Ya que analizar la política no consiste en decirle al gobierno lo que debería hacer, por mucha razón que uno tenga, sino tratar de entender por dónde va, finalizo llamando la atención sobre el punto, a mi juicio, más importante entre los cambios políticos visibilizados y acelerados por la pandemia: el reclamo a cumplir los acuerdos del VII Congreso del Partido. Si nos preguntáramos cuánto de lo acordado hace cuatro años, un mes, tres semanas y un día debería acabar de implementarse, quizás tendríamos una fotografía de los deseos e intereses de los cubanos, que bien podría tomarse como reflejo del cambio social. Ese cambio retrataría no solo la transformación de su cultura política real, sus ideas sobre qué rayos es o debería ser el socialismo, sino también el crédito que les merece el nuevo liderazgo para llevar adelante las políticas dirigidas a alcanzarlo.

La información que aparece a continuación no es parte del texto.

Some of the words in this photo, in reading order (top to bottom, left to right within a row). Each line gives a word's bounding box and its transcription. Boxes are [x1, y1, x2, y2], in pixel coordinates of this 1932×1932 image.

Volver a leer esos acuerdos desde el aquí y el ahora sería materia de otra reflexión.

***

Nota del día 12 de junio 2020:

El gobierno acaba de anunciar un plan de desescalamiento postpandemia, “gradual, escalonado y asimétrico.” ¿Qué hay de cualitativamente nuevo en esta política, más allá de declarar un programa de emergencia nacional? Lo primero y más significativo: su diseño y aplicación diferenciados por territorios, áreas y sectores. En contraste con el conocido estilo centralizador uniforme,  la implementación va directa a los municipios, en vez de atravesar la burocracia intermedia. Por último, sus tres fases no son sincrónicas: los territorios que han podido controlar la Covid entran directamente a la fase 2 ó 3 del desescalamiento.

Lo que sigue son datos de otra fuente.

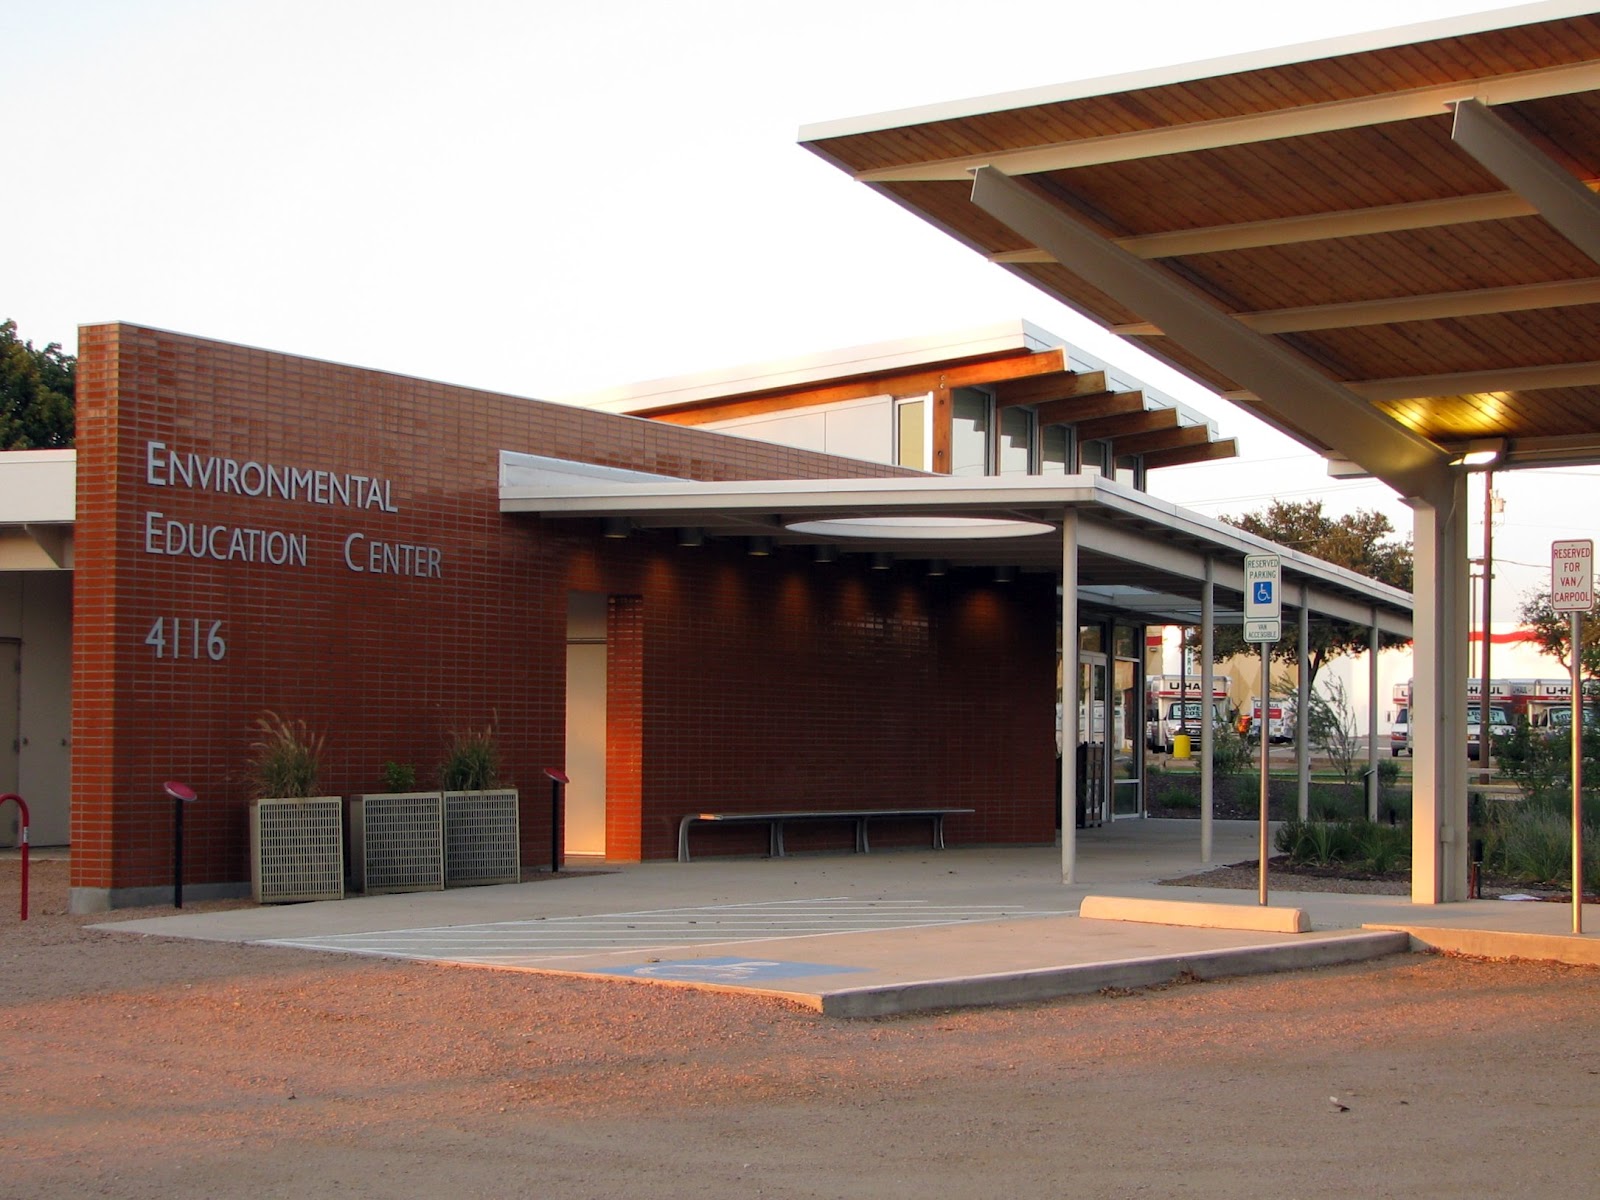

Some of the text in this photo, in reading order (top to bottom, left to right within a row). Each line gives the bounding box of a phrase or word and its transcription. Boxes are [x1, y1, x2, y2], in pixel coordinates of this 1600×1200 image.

[146, 440, 398, 513] ENVIRONMENTAL
[144, 511, 441, 579] EDUCATION CENTER
[1553, 548, 1591, 559] RESERVED
[1247, 559, 1278, 569] RESERVED
[1563, 562, 1580, 572] FOR
[1249, 570, 1277, 579] PARKING
[1560, 576, 1584, 587] VAN/
[1554, 592, 1590, 603] CARPOOL
[145, 616, 226, 661] 4116
[1248, 631, 1277, 639] ACCESSIBLE

Esta política busca el regreso a la normalidad, pero con un ojo puesto en el posible rebrote de la pandemia, manteniendo el dispositivo instalado para enfrentar su clímax, y el otro en las zonas de riesgo y los grupos vulnerables. Aunque marcada por una lógica de seguridad nacional, no sigue una razón militar, sino ingeniera: ventajas comparativas, medios, recursos, metas paulatinas.   

En este plan de contingencia, que no es de hierro, se trata de aplicar “lo aprendido luchando contra la pandemia.” Por primera vez, la visión de la reactivación económica desciende a lo particular, también al sector privado, en vez de quedarse en lo macro. Habla de la economía que tiene delante, sin amarrarse al plan de hace seis meses, ni renunciar tampoco a las “metas alcanzables,” y mira a “la locomotora” del turismo con otros espejuelos: si no vienen los canadienses o los cubanos de Miami,  ¿qué tal si se les hacen ofertas a los de aquí? Ahora se comprobará “empíricamente” si la ciencia del turismo podría haber subestimado la demanda del mercado interno, como antes se equivocó la de datos móviles y la de clientes de las tiendas digitales.    

Esta política de recuperación no se refiere solo a cómo se normaliza el abastecimiento agrícola y los hoteles, sino el sector privado; extiende hasta la fase 2 la tolerancia impositiva, y al mismo tiempo, prevé incentivos fiscales para servicios privados que sean capaces de reabrir. Por otro lado, prioriza la seguridad alimentaria, pero se resiste a descartar el mercado, y a generalizar mecanismos de racionamiento tipo libreta de abastecimiento. Finalmente, además de la apertura en secuencia de las escuelas y de las actividades del verano, precisa mínimos detalles sobre la vuelta a la normalidad de las iglesias, los presidios, las funerarias, los hogares de ancianos.

No carece de enormes desafíos esta política. Solo mantener un régimen de control y un orden estrictos resulta formidable, tanto como programar la vida cotidiana durante algunos meses más –no se sabe aún cuántos. Lograr que el aislamiento y la separación se conviertan en rutina cotidiana se dice fácil, pero no lo es.

Por otro lado, parecería emerger cada vez más nítido otro estilo político. Como un director de orquesta, el presidente hace la obertura y pauta, pero el primer violín lleva la voz cantante, acentuando organización, eficacia, control, sin amaneramientos retóricos, como si conversara –“no se trata de resistir, sino de sobreponerse.” Hasta el ministro de Economía dice cosas inesperadas para la mentalidad tecnocrática predominante en el gremio: la salud no es un gasto, sino una inversión. Acaba de empezar, no hay que perderle pie ni pisada.